On a Friday night more than thirty years ago, Sweden’s prime minister went to the movies.
Controversial and outspoken at home and abroad, Olof Palme was by then in his second term as leader of his country. But he still insisted on living as normal a life as he could, and – as on that night – he often dismissed his police protection.
Walking home just before midnight with his wife Lisbet, the prime minister was shot in the back at point blank range. He was dead before he hit the ground.
No killer has ever been found, even though the assassination took place on Sweden’s busiest road, and more than a dozen witnesses saw the tall man fire the shots before fleeing the scene.
Now, more than 34 years later, Sweden’s Prosecutor’s Office has announced it will present the conclusions of its criminal investigation in a press conference scheduled for Wednesday morning.
“I am optimistic about being able to present what happened with the murder and who is responsible for it,” Chief Prosecutor Krister Petersson told Swedish public television in February.
It is not known if anyone will be charged, or if a new suspect will be named.
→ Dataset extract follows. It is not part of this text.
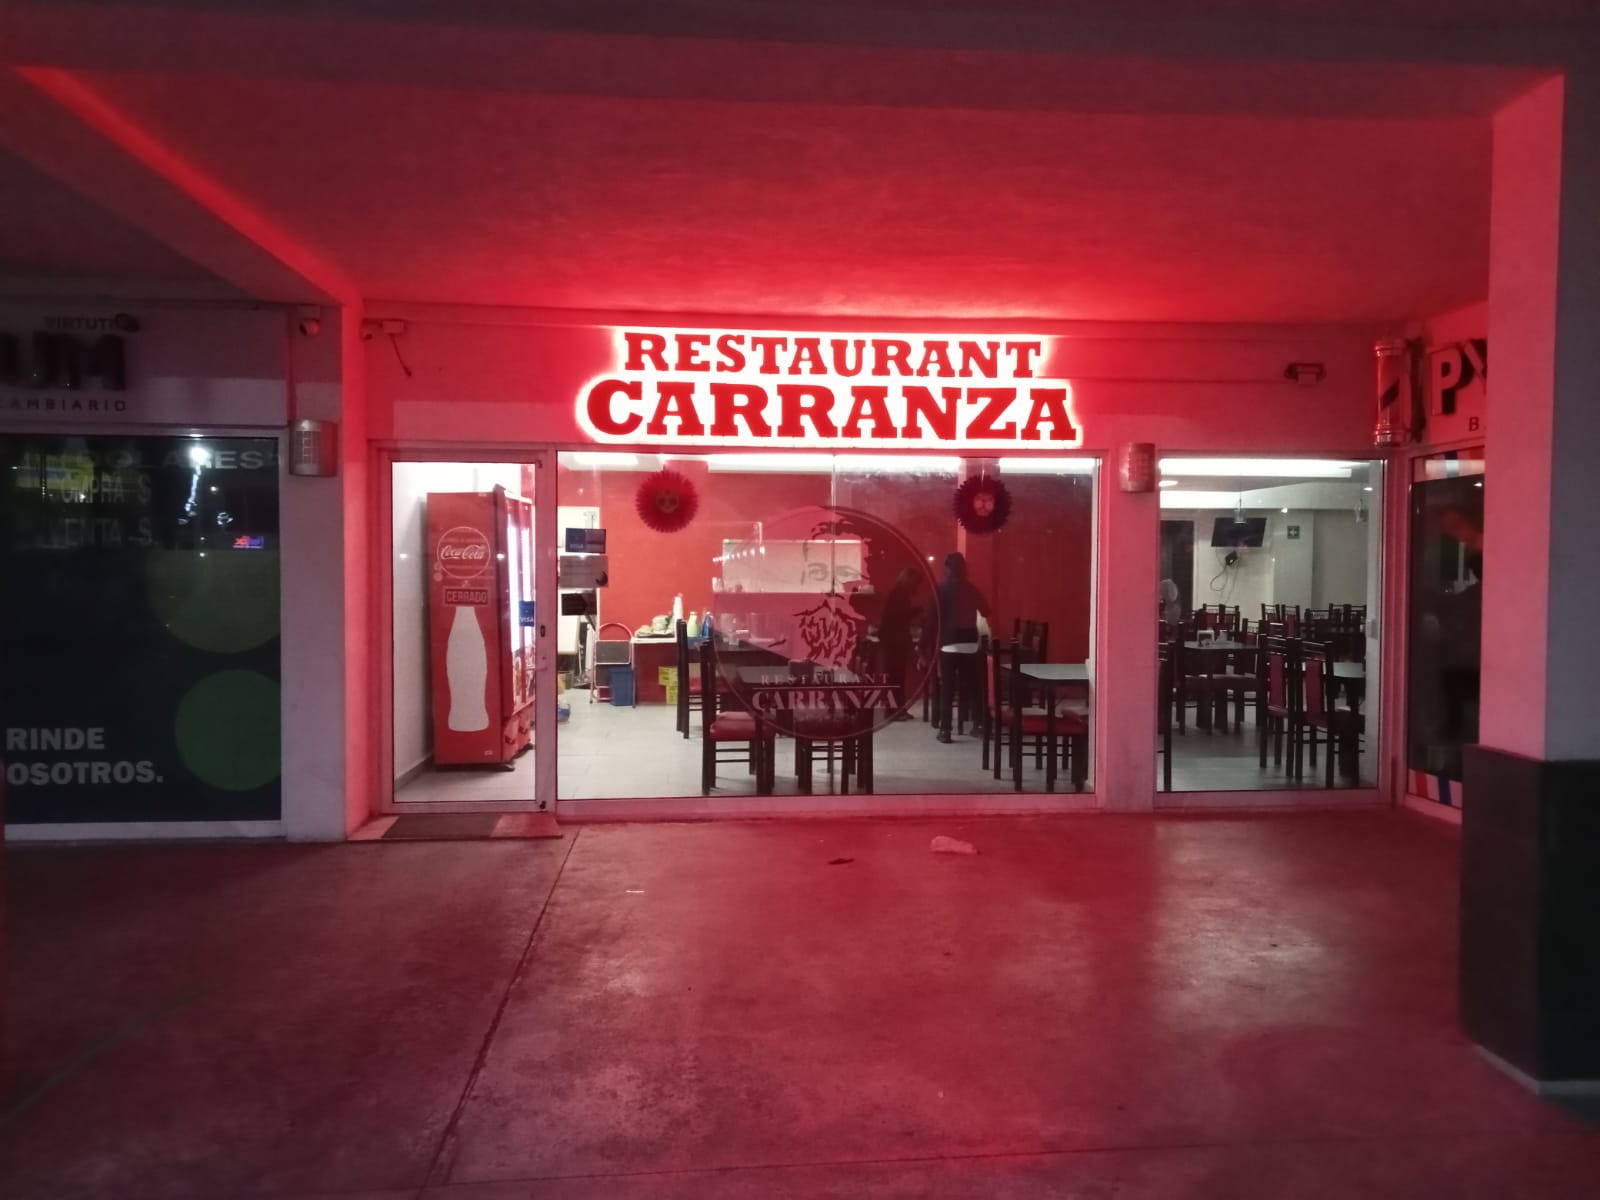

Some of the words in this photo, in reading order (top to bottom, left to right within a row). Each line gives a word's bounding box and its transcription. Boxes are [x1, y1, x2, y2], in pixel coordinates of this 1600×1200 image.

But there is hope the police may finally be close to solving a murder that has haunted the country for decades, and spawned countless conspiracy theories.
“It’s like if they murdered Margaret Thatcher at Piccadilly Circus – just gunned her down – and then the killer disappeared down into the Tube without ever being found,” Dr Jan Bondeson, author of Blood on the Snow: The Killing of Olof Palme, told the BBC.
Marten Palme, Olof’s son and one of the last people to see him alive, said earlier this year that police “have evidence they do not yet want to disclose”.
He thought it might be to do with the murder weapon, which has never been found. “If someone knows something important and has not come forward, it is obviously time to do it,” he told Sweden’s Aftonbladet newspaper.
Who was Olof Palme?
Born in 1927 to an upper class family with aristocratic connections, Palme joined the Social Democratic party in 1949 and rose to lead the party – and Sweden – in 1969, succeeding his mentor Tage Erlander.
“Palme is said to be one of Erlander’s boys,” Anna Sundstrom, Secretary General of the Olof Palme International Center, told the BBC. “He was sort of raised as a politician by Tage Erlander, who is one of the fathers of the Swedish welfare system. I would say he took and advanced Erlander’s policies.”
During his premiership, Palme increased the power of labour unions, greatly expanded health care and the welfare state, removed all formal political powers from the monarchy and invested heavily in education. Ms Sundstrom said one of the vital reforms was the creation of nurseries and pre-schools, allowing women to enter the work force for the first time and advancing gender equality in Sweden.
He was also a powerful voice in international affairs, criticising both the US and the Soviet Union. Palme passionately opposed the USSR’s invasion of Czechoslovakia in 1968, and in 1972 compared US bombing of North Vietnam with Nazi concentration camps during World War Two – prompting a brief freeze in relations between Washington and Stockholm.
“I don’t regret it because in this world you have to speak out fairly loud to make anyone listen,” he told the New York Times in 1973. “I can’t keep silent on this issue and won’t be pressurised into silence.”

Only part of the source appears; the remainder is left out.